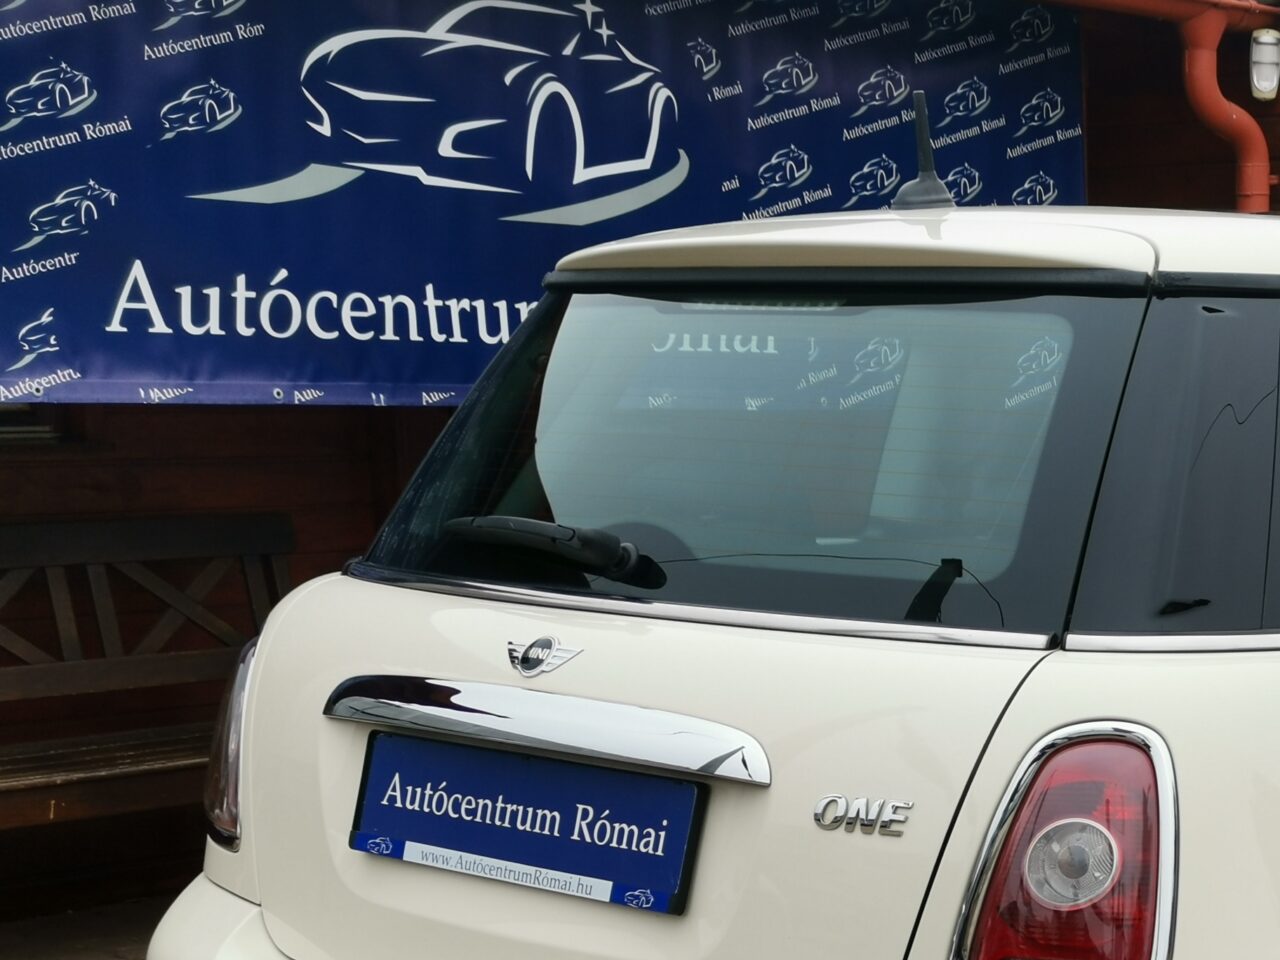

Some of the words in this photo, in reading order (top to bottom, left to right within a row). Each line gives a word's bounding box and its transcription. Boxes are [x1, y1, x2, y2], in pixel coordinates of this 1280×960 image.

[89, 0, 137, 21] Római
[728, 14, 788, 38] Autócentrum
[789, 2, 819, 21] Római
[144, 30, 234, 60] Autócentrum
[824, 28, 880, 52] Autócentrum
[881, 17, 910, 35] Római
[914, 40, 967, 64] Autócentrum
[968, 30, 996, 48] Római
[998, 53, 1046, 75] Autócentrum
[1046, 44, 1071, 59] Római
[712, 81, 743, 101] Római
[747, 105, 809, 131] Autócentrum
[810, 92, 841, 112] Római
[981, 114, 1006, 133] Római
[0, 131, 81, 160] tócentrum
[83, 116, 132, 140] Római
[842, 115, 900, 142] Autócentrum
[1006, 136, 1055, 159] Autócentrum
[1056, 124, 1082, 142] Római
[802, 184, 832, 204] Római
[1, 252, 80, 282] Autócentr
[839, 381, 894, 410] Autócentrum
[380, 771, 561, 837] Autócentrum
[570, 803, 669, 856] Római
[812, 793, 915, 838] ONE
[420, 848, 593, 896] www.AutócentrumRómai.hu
^^^^
--- EXERCISE INSTRUCTIONS ---
Print the material exactly as given, but not the pictures.

--- COMPLETED TASK ---
Some of the words in this photo, in reading order (top to bottom, left to right within a row). Each line gives a word's bounding box and its transcription. Boxes are [x1, y1, x2, y2], in pixel coordinates of this 1280×960 image.

[89, 0, 137, 21] Római
[728, 14, 788, 38] Autócentrum
[789, 2, 819, 21] Római
[144, 30, 234, 60] Autócentrum
[824, 28, 880, 52] Autócentrum
[881, 17, 910, 35] Római
[914, 40, 967, 64] Autócentrum
[968, 30, 996, 48] Római
[998, 53, 1046, 75] Autócentrum
[1046, 44, 1071, 59] Római
[712, 81, 743, 101] Római
[747, 105, 809, 131] Autócentrum
[810, 92, 841, 112] Római
[981, 114, 1006, 133] Római
[0, 131, 81, 160] tócentrum
[83, 116, 132, 140] Római
[842, 115, 900, 142] Autócentrum
[1006, 136, 1055, 159] Autócentrum
[1056, 124, 1082, 142] Római
[802, 184, 832, 204] Római
[1, 252, 80, 282] Autócentr
[839, 381, 894, 410] Autócentrum
[380, 771, 561, 837] Autócentrum
[570, 803, 669, 856] Római
[812, 793, 915, 838] ONE
[420, 848, 593, 896] www.AutócentrumRómai.hu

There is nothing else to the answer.